• [How to complete this task] Return each line of the listing exactly, though without its images.
**********
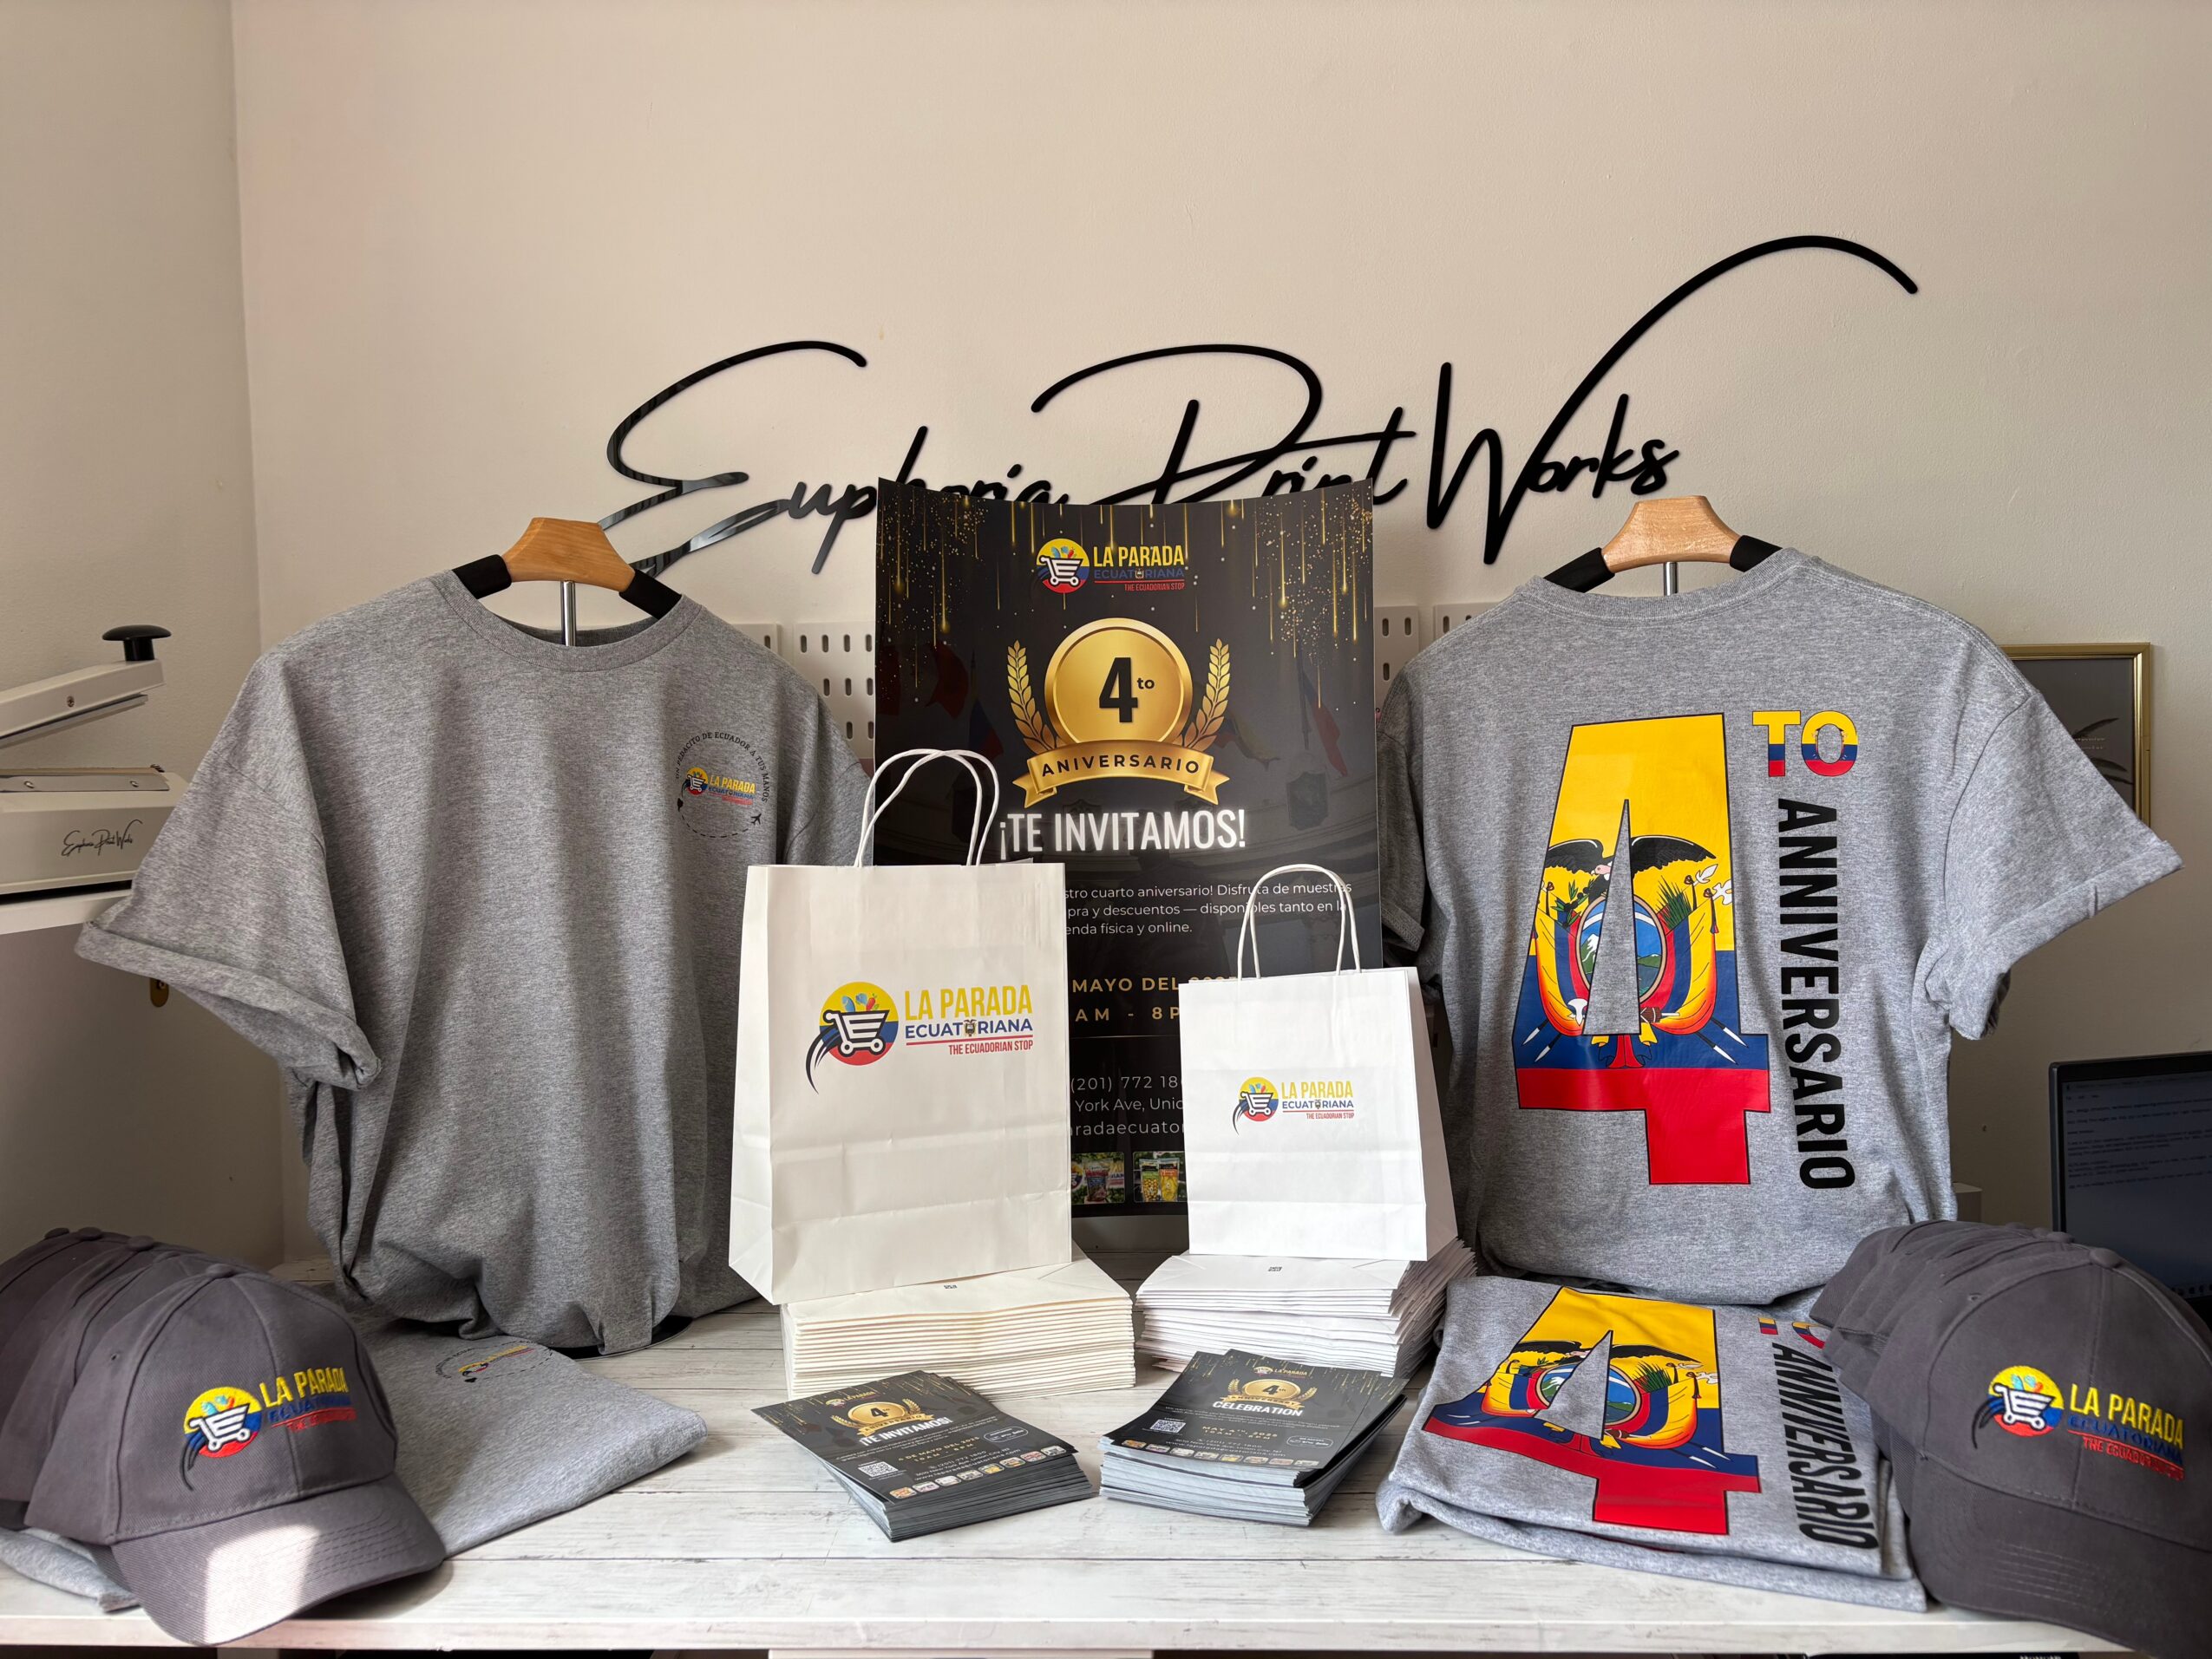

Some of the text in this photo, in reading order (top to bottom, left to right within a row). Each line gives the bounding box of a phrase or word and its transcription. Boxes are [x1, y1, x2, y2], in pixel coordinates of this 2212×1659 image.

[1427, 235, 1919, 565] Works
[1093, 545, 1185, 567] LA PARADA
[1171, 582, 1185, 591] STOP
[1751, 709, 1858, 777] TO
[677, 735, 701, 766] PEDACITO
[714, 732, 751, 751] ECUADOR
[755, 755, 767, 771] TUS
[762, 773, 771, 802] MANOS
[1042, 754, 1200, 777] ANIVERSARIO
[710, 775, 756, 794] LA PARADA
[999, 809, 1246, 860] ¡TE INVITAMOS!
[1091, 887, 1134, 898] cuarto
[1137, 885, 1214, 898] aniversario!
[1273, 883, 1289, 894] de
[1068, 907, 1089, 918] pra
[1092, 908, 1100, 919] y
[1103, 905, 1180, 916] descuentos
[1200, 902, 1276, 916] disponbles
[1279, 902, 1314, 912] tanto
[1318, 903, 1333, 911] en
[1101, 922, 1134, 934] física
[1136, 924, 1145, 936] y
[1148, 921, 1193, 933] online.
[1511, 712, 1771, 1185] 4
[1072, 976, 1179, 993] MAYO DEL
[1777, 798, 1855, 1191] ANNIVERSARIO
[904, 984, 1033, 1021] LA PARADA
[949, 1040, 1033, 1055] THE ECUADORIAN STOP
[1070, 1076, 1112, 1094] (201)
[1121, 1075, 1152, 1089] 772
[1281, 1081, 1353, 1099] LA PARADA
[1075, 1097, 1109, 1112] York
[1113, 1098, 1145, 1112] Ave,
[259, 1367, 349, 1408] LA PARADA
[1213, 1401, 1303, 1416] CELEBRATION
[1423, 1286, 1762, 1535] 4
[2070, 1383, 2184, 1449] LA PARADA
[880, 1416, 954, 1440] INVITAMOS!
[1772, 1342, 1879, 1550] ANNIVERSARIO
[2083, 1435, 2104, 1453] THE
**********
• [Exercise output]
Some of the text in this photo, in reading order (top to bottom, left to right within a row). Each line gives the bounding box of a phrase or word and its transcription. Boxes are [x1, y1, x2, y2], in pixel coordinates of this 2212×1659 image.

[1427, 235, 1919, 565] Works
[1093, 545, 1185, 567] LA PARADA
[1171, 582, 1185, 591] STOP
[1751, 709, 1858, 777] TO
[677, 735, 701, 766] PEDACITO
[714, 732, 751, 751] ECUADOR
[755, 755, 767, 771] TUS
[762, 773, 771, 802] MANOS
[1042, 754, 1200, 777] ANIVERSARIO
[710, 775, 756, 794] LA PARADA
[999, 809, 1246, 860] ¡TE INVITAMOS!
[1091, 887, 1134, 898] cuarto
[1137, 885, 1214, 898] aniversario!
[1273, 883, 1289, 894] de
[1068, 907, 1089, 918] pra
[1092, 908, 1100, 919] y
[1103, 905, 1180, 916] descuentos
[1200, 902, 1276, 916] disponbles
[1279, 902, 1314, 912] tanto
[1318, 903, 1333, 911] en
[1101, 922, 1134, 934] física
[1136, 924, 1145, 936] y
[1148, 921, 1193, 933] online.
[1511, 712, 1771, 1185] 4
[1072, 976, 1179, 993] MAYO DEL
[1777, 798, 1855, 1191] ANNIVERSARIO
[904, 984, 1033, 1021] LA PARADA
[949, 1040, 1033, 1055] THE ECUADORIAN STOP
[1070, 1076, 1112, 1094] (201)
[1121, 1075, 1152, 1089] 772
[1281, 1081, 1353, 1099] LA PARADA
[1075, 1097, 1109, 1112] York
[1113, 1098, 1145, 1112] Ave,
[259, 1367, 349, 1408] LA PARADA
[1213, 1401, 1303, 1416] CELEBRATION
[1423, 1286, 1762, 1535] 4
[2070, 1383, 2184, 1449] LA PARADA
[880, 1416, 954, 1440] INVITAMOS!
[1772, 1342, 1879, 1550] ANNIVERSARIO
[2083, 1435, 2104, 1453] THE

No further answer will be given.